You should also avoid making assumptions about other aspects of someone's life based on their gender identity. For example, you may assume someone’s sexual orientation if you are explaining HPV risk and how it is passed on. Trans and/or non-binary people can be of any sexual orientation, just like everyone else. You can use the term ‘partner’ or ask ‘What sex are your sexual partners?’.

Dysphoria

Gender dysphoria describes a sense of unease or distress that a person may feel because of a mismatch between their sex assigned at birth and their gender identity. 

As a gynaecological test, cervical screening involves parts of the body linked to sex assigned at birth, so it may trigger a harmful reaction. This could include damage to someone’s mental health and wellbeing, freezing, dissociation and panic. 

Not everyone experiences dysphoria, but it is important to be mindful of it.
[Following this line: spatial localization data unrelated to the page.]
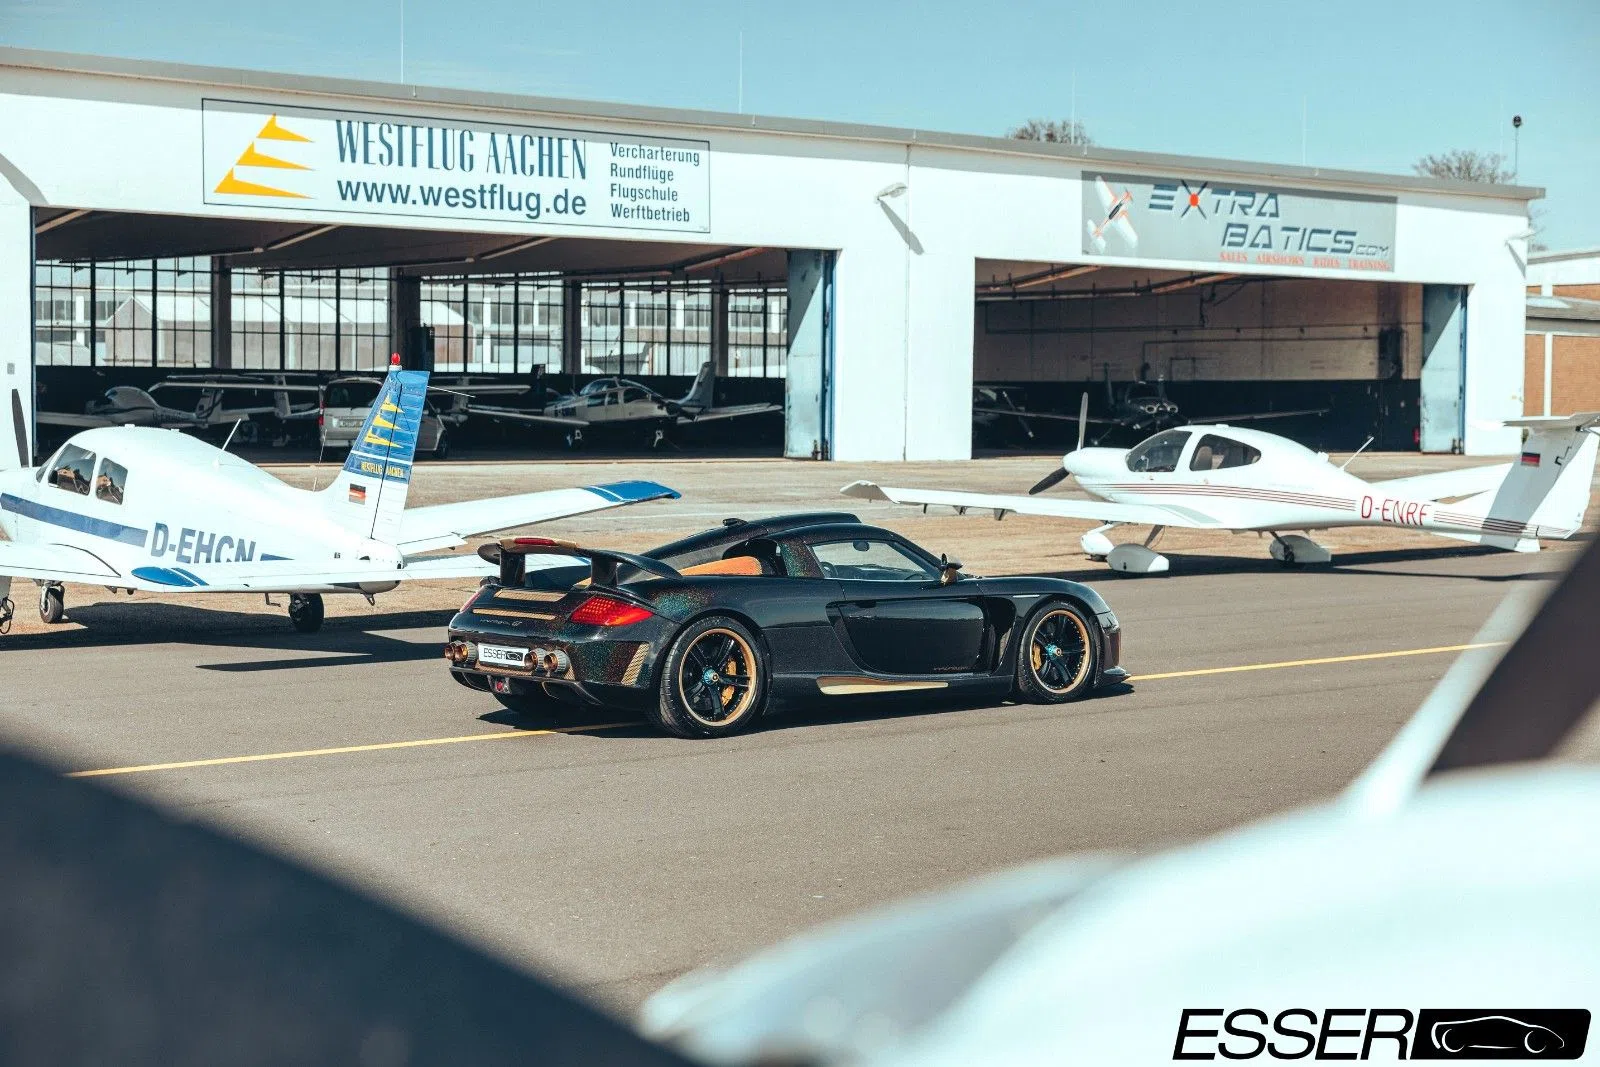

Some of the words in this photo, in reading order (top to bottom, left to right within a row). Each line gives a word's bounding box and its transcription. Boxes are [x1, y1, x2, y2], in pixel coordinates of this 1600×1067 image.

[335, 119, 474, 172] WESTFLUG
[486, 132, 587, 180] AACHEN
[610, 142, 700, 167] Vercharterung
[610, 162, 674, 184] Rundflüge
[336, 180, 587, 220] www.westflug.de
[610, 183, 678, 202] Flugschule
[1148, 180, 1280, 220] EXTRA
[610, 203, 690, 222] Werftbetrieb
[150, 522, 256, 564] D-EHCN
[483, 647, 507, 660] ESSER
It’s also okay to ask your patient whether they do, as it may be difficult for them to talk about. 

Offering practical and emotional support for dysphoria

Agree on the language you will use

Like any appointment, it is important to explain cervical screening and check if there are any questions. Before you do this, it is best to agree on the language you will be using:

  • Ask ‘How would you like me to refer to this body part?’
  • Ask ‘Are there any words or language you’d like me to avoid?’
  • Avoid personalising body parts. For example, instead of ‘your cervix’ say ‘the cervix’.

Tell them they can bring someone they trust

Although coronavirus (COVID-19) means it may not be possible to bring someone into the appointment, having someone come with them to the GP surgery or clinic and wait outside may be comforting. 
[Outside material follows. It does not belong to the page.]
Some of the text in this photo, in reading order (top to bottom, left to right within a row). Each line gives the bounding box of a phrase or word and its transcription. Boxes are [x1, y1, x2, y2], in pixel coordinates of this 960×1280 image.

Give the option of seeing and touching the equipment

Some people may feel more comfortable after seeing or touching the speculum and brush, while others might prefer to see as little as possible. Having the option gives someone more control over their appointment and, by extension, their body. 

Give the option of inserting the speculum themselves

This may help people feel more in control of the test and their own body. If a partner or trusted person has been allowed into the appointment, they may also be able to insert the speculum.

Barriers due to testosterone replacement therapy

Some trans men and/or non-binary people may be having testosterone replacement therapy (TRT). The male hormone is given as part of hormone therapy to help someone’s body better match their gender identity. 

Vaginal atrophy

TRT can cause vaginal atrophy, which is the thinning, drying and inflammation of the vaginal walls and tissue. It is often caused by a lack of oestrogen in the vaginal tissues. It can make inserting the speculum during cervical screening much more uncomfortable or painful. There are ways to lessen this, including:

  • offering a smaller speculum size. 
  • offering more lubrication. 

Topical oestrogen

Topical oestrogen delivers oestrogen to an area that is lacking in this hormone, with methods including a vaginal cream or slow-dissolving vaginal tablets. Although topical oestrogen is an effective treatment, it is important to recognise that, as a female hormone, it may not be acceptable for a trans man and/or non-binary person. 

If topical oestrogen would be helpful for your patient, you may want to explain that it will have very little effect on a trans man and/or non-binary person. The skin acts as a barrier with topical treatments, which means only a small amount of the hormone itself is absorbed into the body. 

It is important that the patient is given the information to make the final decision about whether to have topical oestrogen.

Visual changes

TRT can cause the clitoris to grow. This is sometimes referred to as bottom growth.  

While clitoral growth doesn’t affect cervical screening itself, the patient may be worried about your reaction to how their genitals look. As you would with any patient, avoid commenting on or reacting to their genitals, unless there is a health issue you need to address. 

Incorrect sample processing

Samples taken during cervical screening need to be clearly labelled and communicated to the laboratory. If a sample is rejected and another cervical screening test is needed, this means a trans man and/or non-binary person has to relive a potentially distressing experience. 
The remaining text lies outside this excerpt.